> [Data for this exercise]
::::::::::

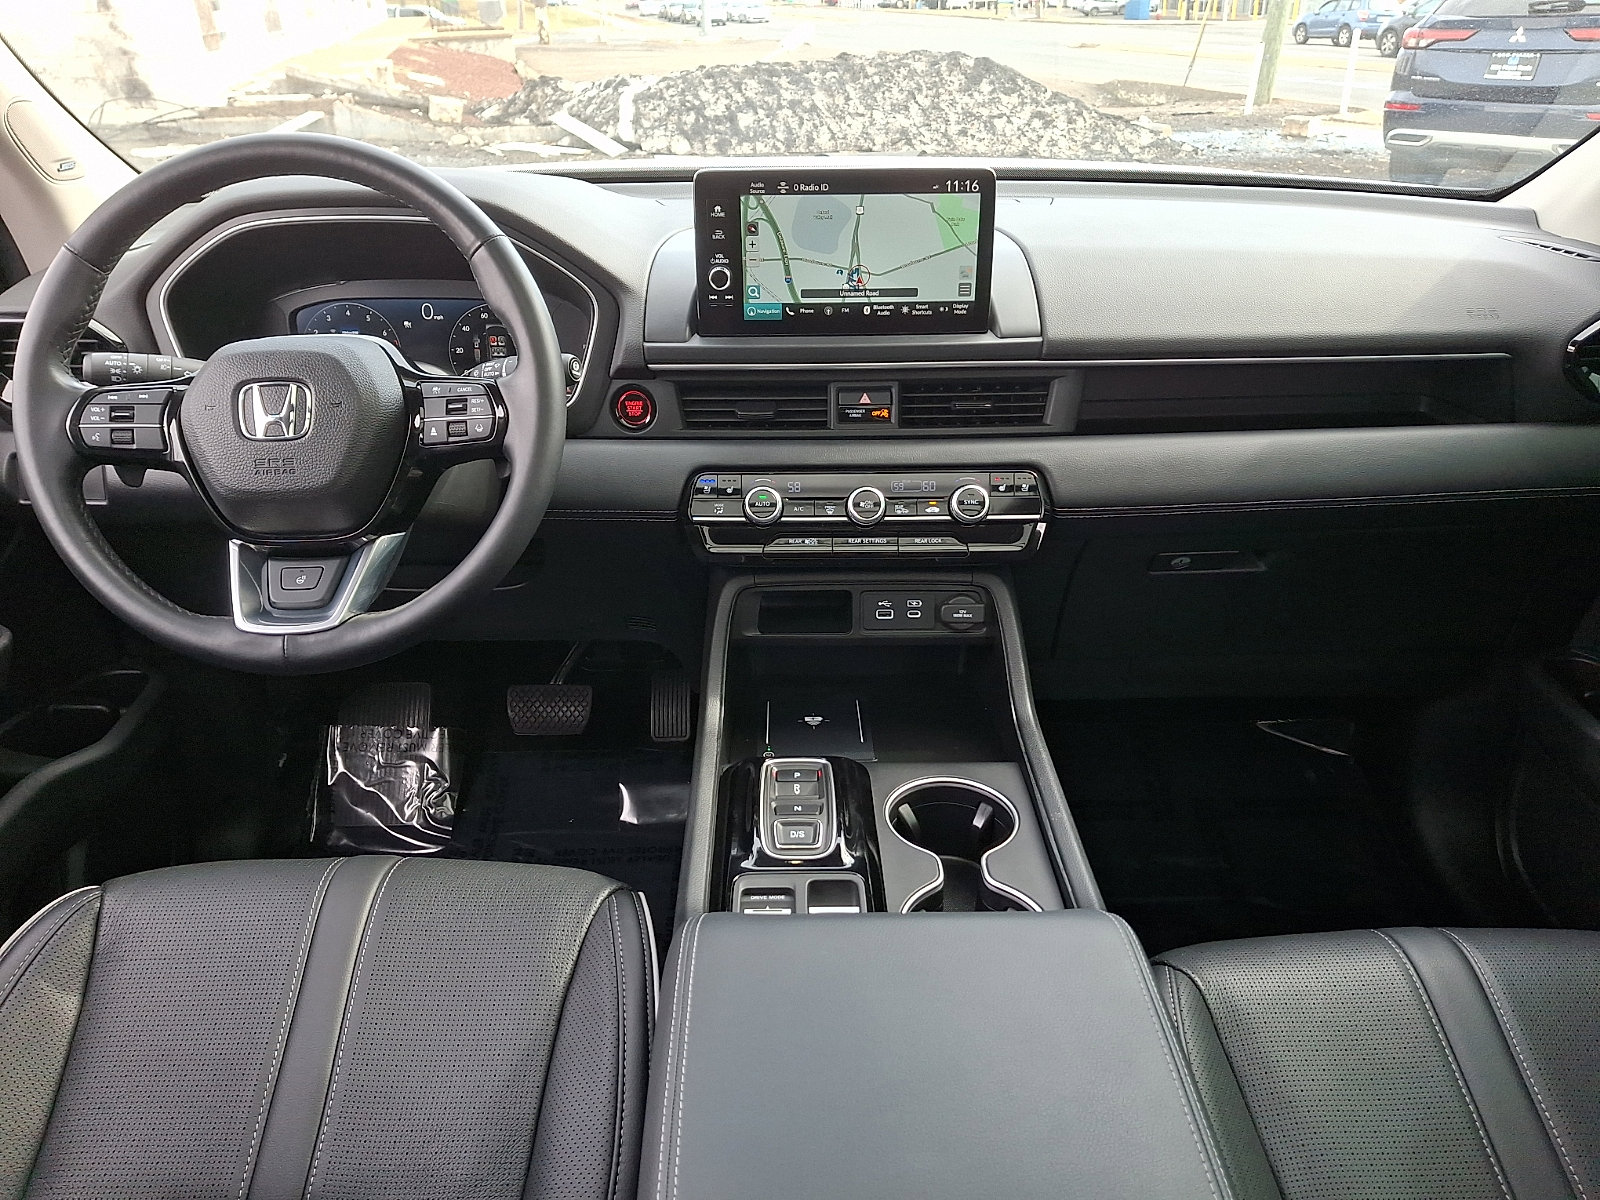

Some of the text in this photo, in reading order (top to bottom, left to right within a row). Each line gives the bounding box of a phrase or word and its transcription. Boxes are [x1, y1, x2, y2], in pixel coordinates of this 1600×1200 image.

[800, 183, 819, 191] Radio
[821, 183, 829, 191] ID
[945, 180, 980, 192] 11:16
[421, 303, 434, 320] 0
[787, 481, 801, 493] 58
[790, 830, 805, 838] D/S

::::::::::

> [Instructions for the task] Leave the images aside and return the records above exactly as written.

> [Response area]
Some of the text in this photo, in reading order (top to bottom, left to right within a row). Each line gives the bounding box of a phrase or word and its transcription. Boxes are [x1, y1, x2, y2], in pixel coordinates of this 1600×1200 image.

[800, 183, 819, 191] Radio
[821, 183, 829, 191] ID
[945, 180, 980, 192] 11:16
[421, 303, 434, 320] 0
[787, 481, 801, 493] 58
[790, 830, 805, 838] D/S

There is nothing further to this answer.